Volodymyr Chumakov is facing up to 15 years in prison for collating information that was publicly available. Photo courtesy of Volodymyr Chumakov.

In Ukraine a professor is facing a possible 15-year prison sentence for treason for having collated information he found on the Internet. Forget Snowden, Manning, or Assange, this is Ukraine, where even spying gets turned on its head.

The Security Service, or SBU, has charged Kharkiv academic Volodymyr Chumakov, together with two young engineers, with spying for China over information downloaded from open websites. This was only theoretical information, it should be stressed, since no scientific research is taking place in the relevant field in Ukraine.

Chumakov is charged in connection with a book he compiled based on lectures given to students, specifically a section pertaining to electromagnetic accelerators, or railguns. “I can’t even boast of any important discover,” he told Ukraine’s Express newspaper.  “I simply systematized a lot of material on the subject, using open, mainly foreign, sources.”

Chumakov said SBU investigators have pulled sentences from his textbook that they claim give away state secrets that could threaten Ukraine’s defense.
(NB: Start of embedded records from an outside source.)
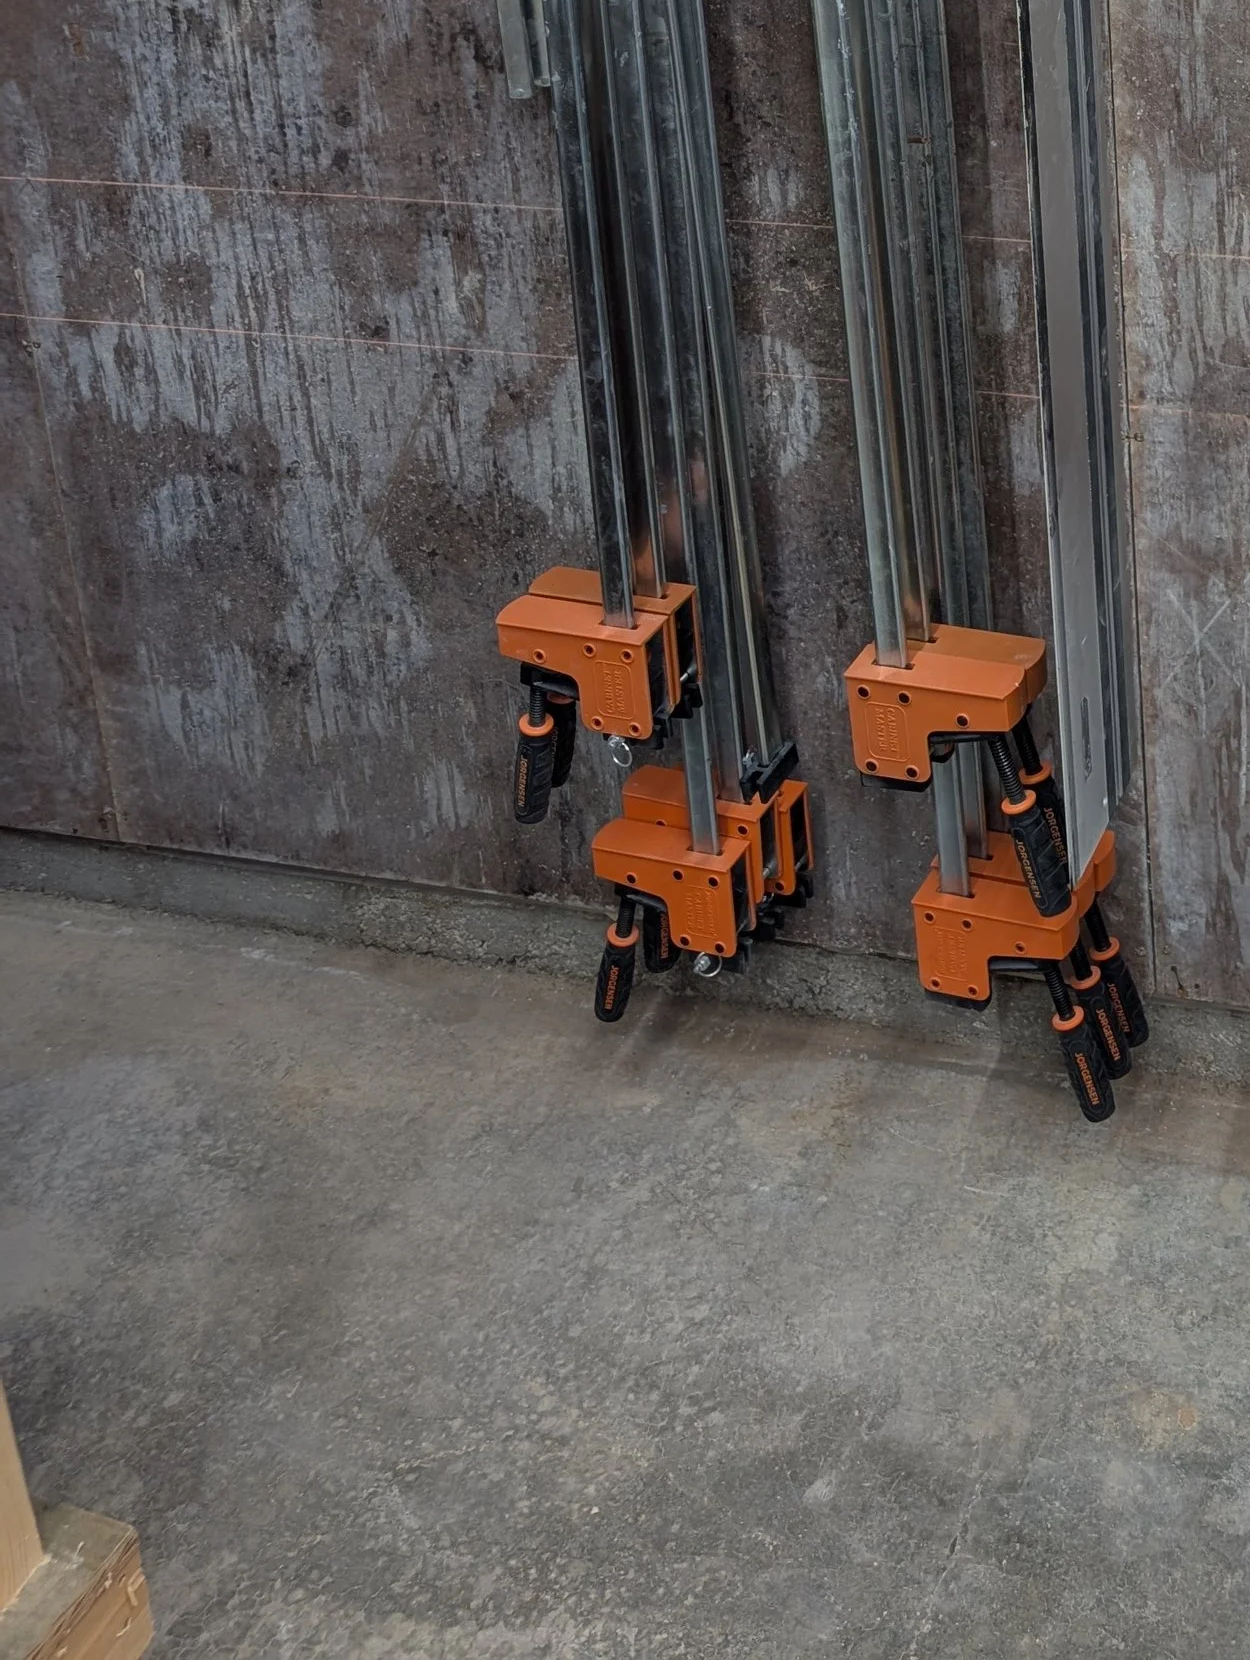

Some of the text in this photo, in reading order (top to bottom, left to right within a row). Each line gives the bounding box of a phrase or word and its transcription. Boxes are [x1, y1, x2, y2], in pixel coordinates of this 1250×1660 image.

[516, 756, 528, 808] JORGENSEN
[1043, 807, 1067, 865] JORGENSEN
[1016, 839, 1041, 899] JORGENSEN
[605, 965, 620, 1010] JORGENSEN
[1106, 982, 1131, 1033] JORGENSEN
[1095, 1008, 1121, 1061] JORGENSEN
[1074, 1052, 1100, 1105] JORGENSEN
They even assert that particular sentences or paragraphs set out the technology for creating a weapon.

Neither Chumakov nor the two engineers, one of whom is a former student, had access to state secrets. This supposed threat to national security remains freely available on the Internet, as does all the material it was based upon. Even if they had inadvertently divulged sensitive information, it would be because the material had not been properly classified and restricted.

Yet a year after the book was published – with the requisite Academy of Sciences review behind it – and after Chumakov received a presidential honor for his contribution to science, the SBU came knocking.

Assessments of the information by supposed experts have had a farcical air. One thought he had spotted a state secret, only to backtrack when the investigator pointed out that the information in question was from an open, Russian source on the Internet. He was simply invited to try again.

NO JOKE

However absurd, the charges against Chumakov and the young men are serious and carry long sentences.

Oleksy Rud and Serhiy Chichotka met a young Chinese graduate of a St. Petersburg institute in 2008 and together founded the company Top Science Ukraine. The idea was to seek out Ukrainian scientists and inventors whose institutes do not have the funding to promote their work, and to find investors from China. This was all open and aboveboard, and close cooperation with different Ukrainian institutes was envisaged from the outset.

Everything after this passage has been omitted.